▶ Task instructions
The word "words" marks the lines to keep; find each one in the data and copy it.

====== Data extracts

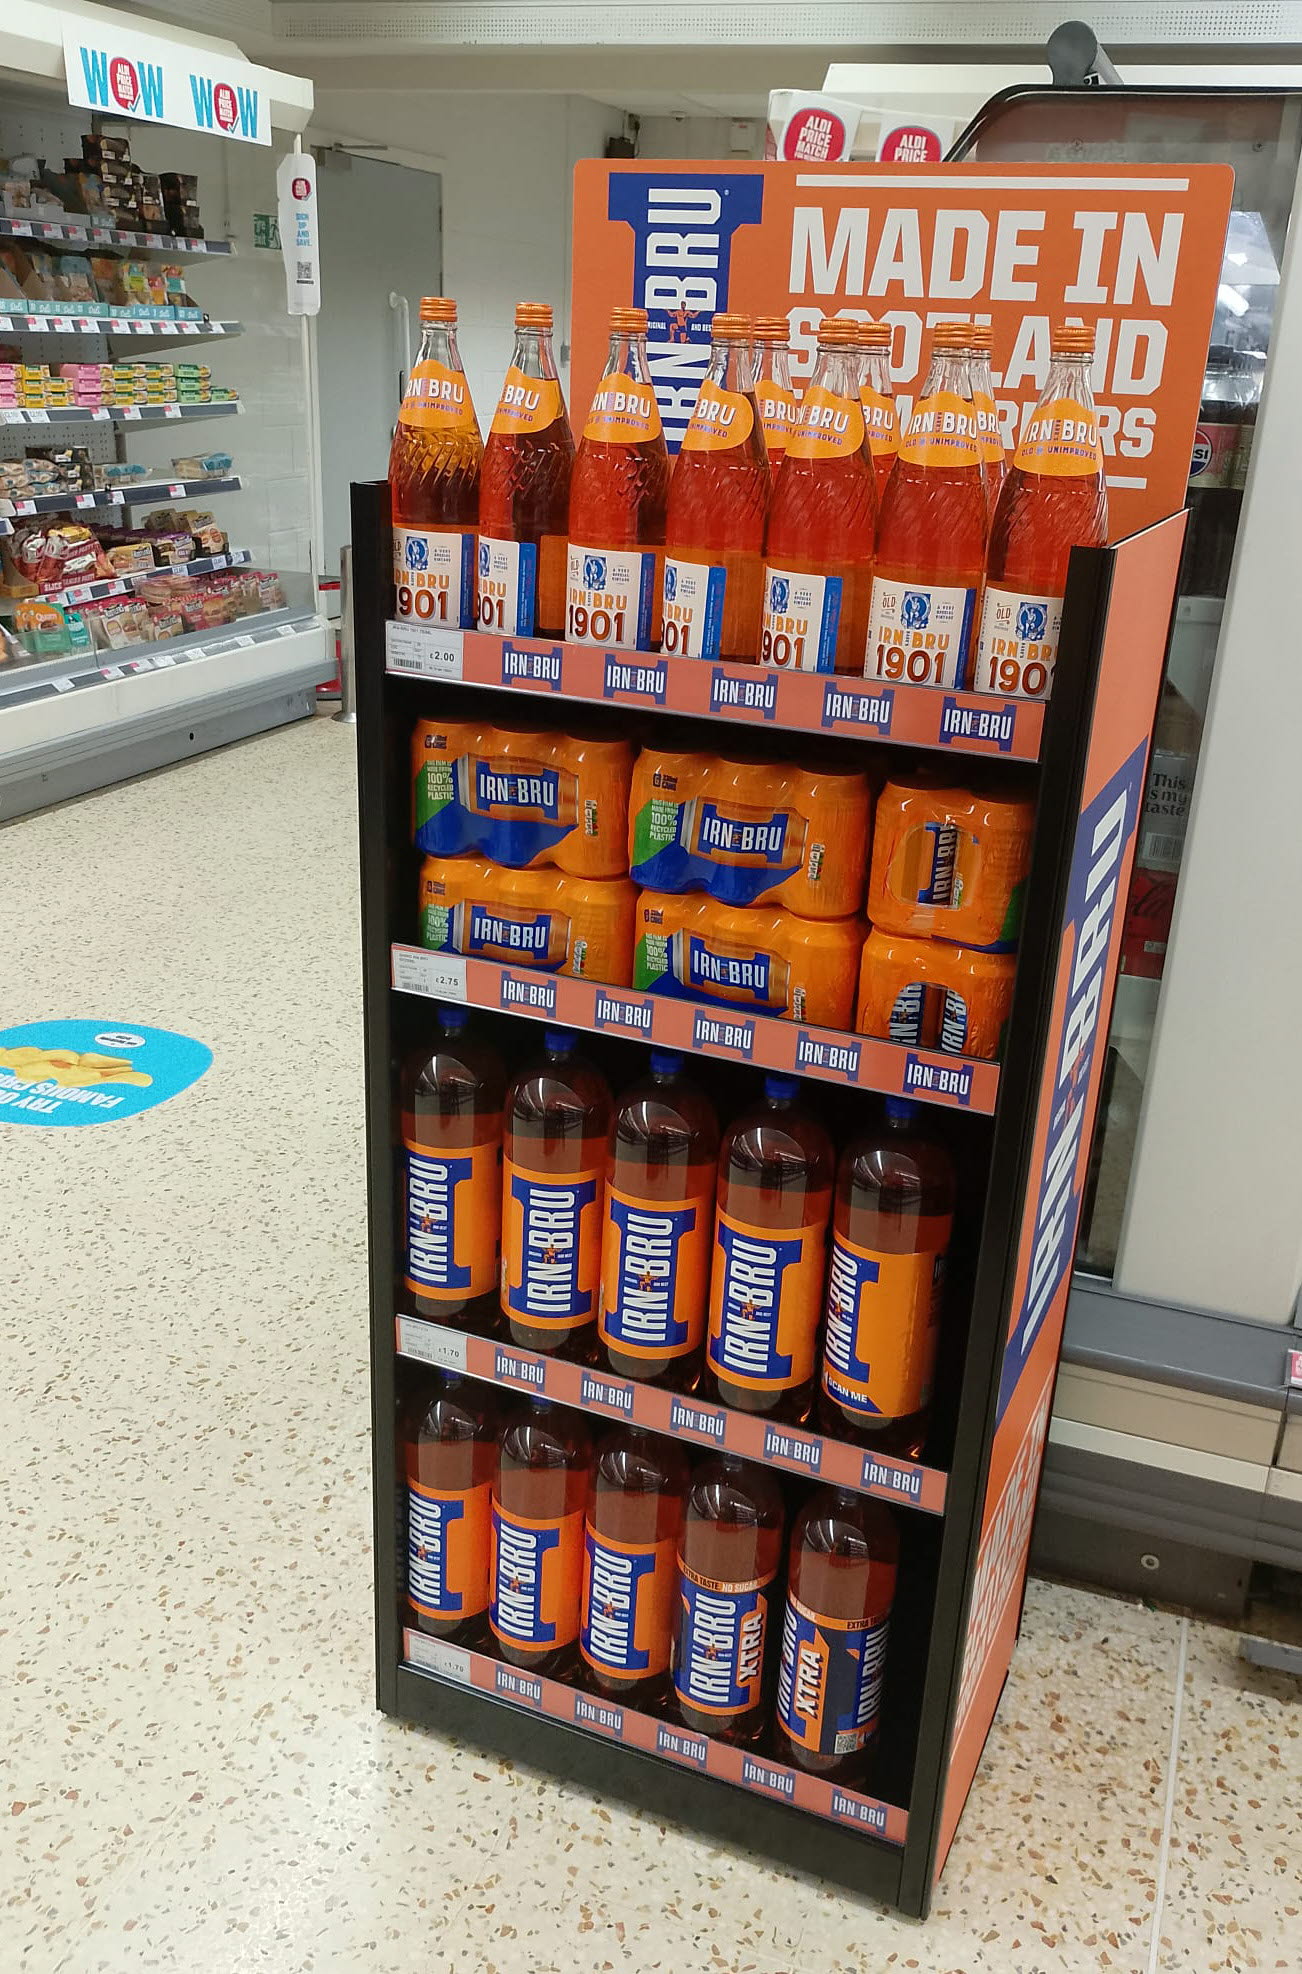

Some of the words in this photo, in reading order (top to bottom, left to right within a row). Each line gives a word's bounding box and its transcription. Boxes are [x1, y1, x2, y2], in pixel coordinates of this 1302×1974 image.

============
====== Data extracts

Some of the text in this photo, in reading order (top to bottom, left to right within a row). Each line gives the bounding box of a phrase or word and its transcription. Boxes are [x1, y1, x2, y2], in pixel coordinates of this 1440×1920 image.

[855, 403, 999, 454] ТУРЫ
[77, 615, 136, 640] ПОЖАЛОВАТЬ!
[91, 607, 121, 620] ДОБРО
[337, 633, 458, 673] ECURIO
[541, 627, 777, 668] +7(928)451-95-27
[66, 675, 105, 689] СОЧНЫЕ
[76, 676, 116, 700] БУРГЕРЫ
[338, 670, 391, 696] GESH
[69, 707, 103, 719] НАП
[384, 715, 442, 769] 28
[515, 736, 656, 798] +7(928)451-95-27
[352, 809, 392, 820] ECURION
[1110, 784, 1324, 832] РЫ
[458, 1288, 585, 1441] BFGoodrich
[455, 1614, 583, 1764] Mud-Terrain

============
====== Data extracts

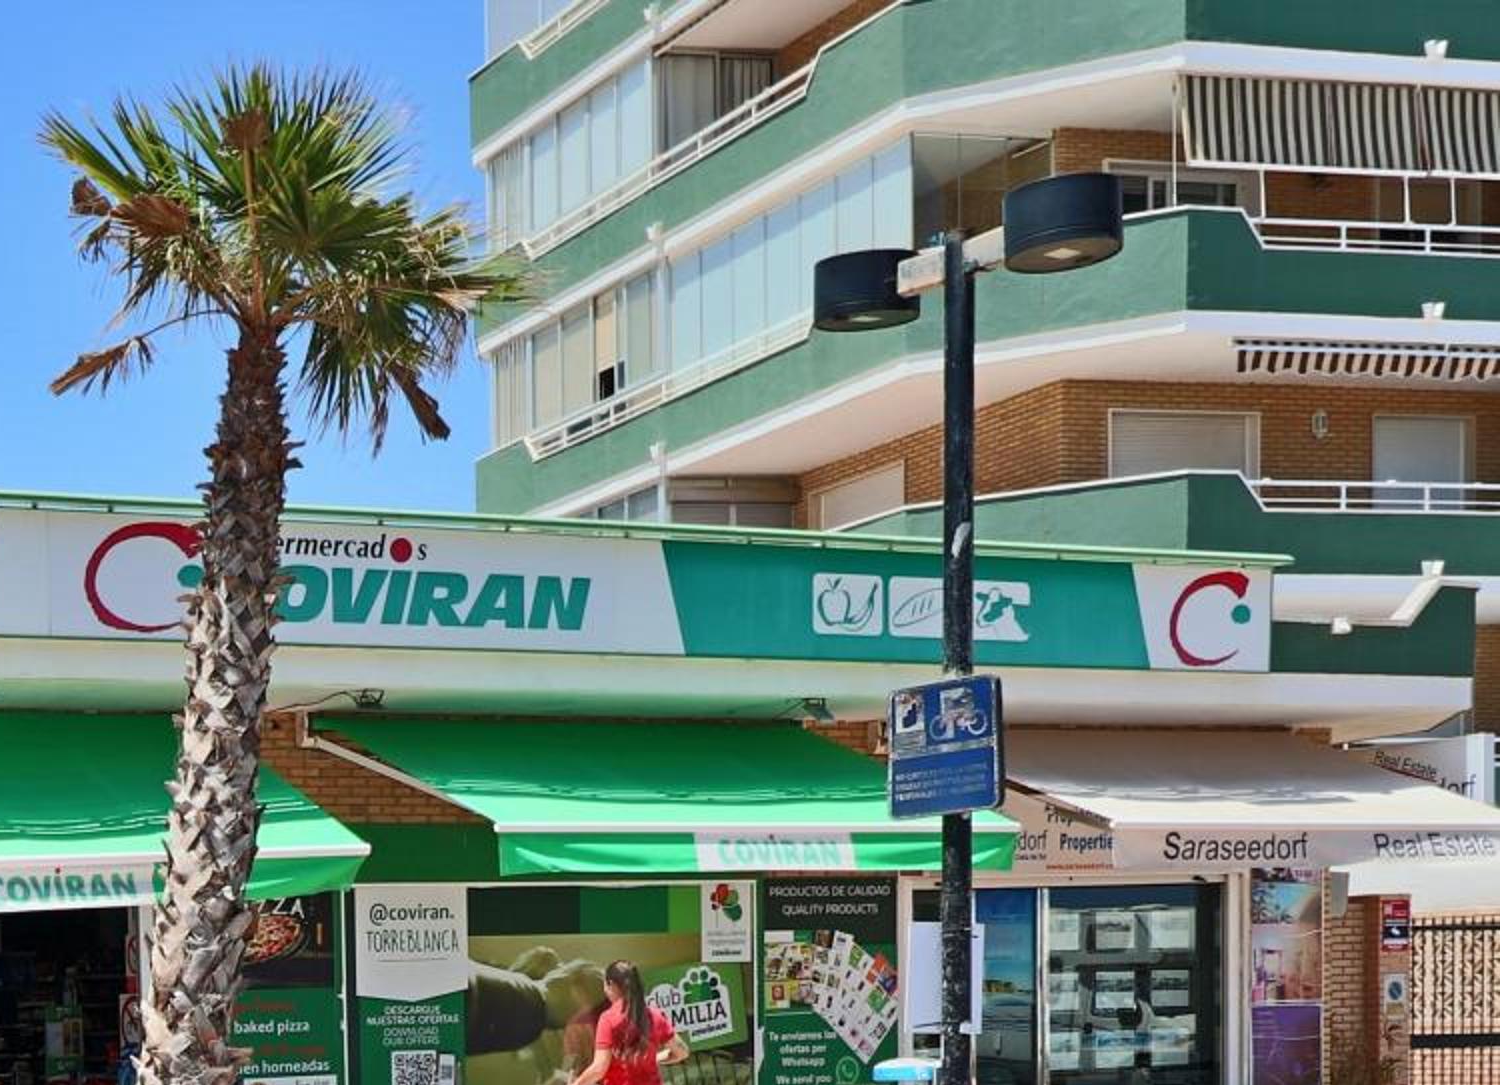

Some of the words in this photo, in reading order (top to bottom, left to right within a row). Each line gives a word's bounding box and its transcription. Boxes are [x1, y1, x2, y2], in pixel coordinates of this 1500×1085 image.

============

▶ Exercise solution
Some of the words in this photo, in reading order (top to bottom, left to right within a row). Each line gives a word's bounding box and its transcription. Boxes are [x1, y1, x2, y2], in pixel coordinates of this 1302×1974 image.
Some of the words in this photo, in reading order (top to bottom, left to right within a row). Each line gives a word's bounding box and its transcription. Boxes are [x1, y1, x2, y2], in pixel coordinates of this 1500×1085 image.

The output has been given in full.